Regulatory cooperation in Canada

What is regulatory cooperation?

Regulatory cooperation is a process where governments work together to:

  • reduce unnecessary regulatory differences;
  • eliminate duplicative requirements and processes;
  • harmonize or align regulations;
  • share information and experiences; and
  • adopt international standards.

Regulatory cooperation applies to a range of regulatory activities, including: policy development; inspections; certification; adoption and development of standards; and product and testing approvals.

Regulatory cooperation benefits Canadians in many ways. Here are a few examples of initiatives that have made a real difference to Canadian businesses and consumers.

Regulatory cooperation success

Collaboration on Consumer Product Safety

In 2015 the three North American national product safety organizations – Health Canada (HC), the U.S. Consumer Product Safety Commission (CPSC), and Mexico’s Consumer Protection Federal Agency (PROFECO) – joined in an unprecedented tri-lateral initiative geared towards improving North American consumer product safety.

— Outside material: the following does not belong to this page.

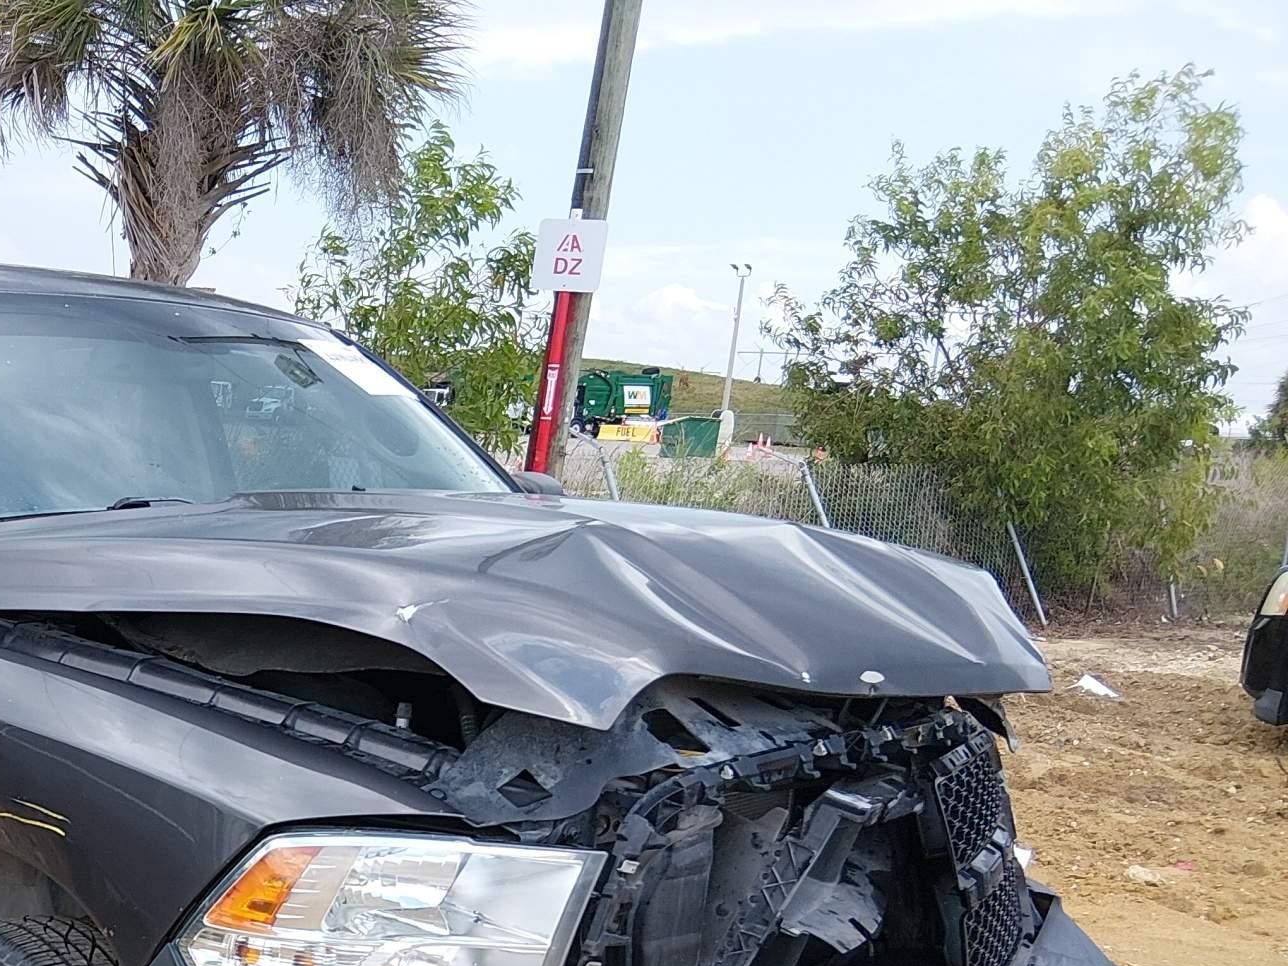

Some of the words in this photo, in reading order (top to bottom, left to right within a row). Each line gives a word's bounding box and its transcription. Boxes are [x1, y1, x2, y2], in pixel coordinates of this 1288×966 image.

[553, 257, 583, 276] DZ
[627, 390, 647, 400] WM
[616, 426, 637, 438] FUEL

The first research project under this initiative focused on testing USB chargers and AC laptop chargers. These are products that North Americans use every day. Millions of chargers are sold every year and are used to charge a wide range of small electronic products.

The goal of this project was to identify the potential risk these products pose to users and property and identify possible improvements to existing safety standards. In , the three product safety organizations recommended that standards development organizations in all three jurisdictions add new testing requirements to existing standards to assess the potential for fire and burn hazards caused by AC powered chargers. This will improve safety standards for these products across all three countries.

This is the first project under the tri-lateral initiative and it serves as an inspirational model of collaboration across the three different jurisdictions. The three North American national product safety organizations plan on leveraging the success of this first project to tackle other consumer products.

Reduced costs to businesses

  • Canada and the U.S. have established a Common Electronic Submission Gateway for health product approvals. This electronic courier allows a company to submit information about a health product market authorization once for both countries. It is expected to save the Canadian pharmaceutical industry more than $22 million over 10 years in administrative costs alone.
  • In , Canada launched a pilot project for U.S. sunscreens to enter into Canada without being quarantined and tested for a second time at the border. It is estimated that this regulatory cooperation initiative will save the consumer health product industry $100,000 annually per sunscreen product.

More product choice and lower prices for consumers:

  • Canada and the U.S. have been working together to harmonize energy efficiency standards for products such as refrigerators and air conditioners. The most recent efforts to align standards will save Canadians about $1.8 billion in energy costs by 2030, and manufacturers about $1.5 million per year.
  • In , Canada and the U.S. formally recognized their respective regulations on the transportation of dangerous goods so that businesses are no longer required to seek approvals on both sides of the border. This increased efficiency means that Canadians will see better choice and prices for products such as propane tanks for outdoor grills.

Improved health, safety, security and environmental protection:

  • Canada and the U.S., through the RCC Aquaculture work plan, produced a joint study comparing the regulatory regimes for net pen aquaculture for each country. The study indicates both countries’ regulations lead to the production of healthy and sustainable farmed salmon and protect wild fisheries and the aquatic environment. Both Canada and the U.S. are committed to ongoing cooperation and the exchange of regulatory information on aquaculture and the aquatic environment.
  • Canada recently created the Locomotive Emissions Regulations (PDF, 3.1 MB) to reduce the amount of harmful air pollutants including nitrogen oxides and particulate matter allowed from trains as these pollutants contribute to health problems such as heart and lung diseases. The new regulations align Canada’s approach with U.S. Rule for Emissions Standards for Locomotives and Locomotive Engines.
  • Canada aligned Motor Vehicle Safety Regulations with the U.S. Federal Motor Vehicle Safety Standards (PDF, 1.5 MB) in 2017, requiring the use of electronic stability control systems (ESC) in all heavy vehicles. Requiring ESC systems will lead to positive net benefits for both truck tractors and motor coaches, preventing collisions and resulting in a minimum benefit of nearly $18 million over the average useful life of the vehicles.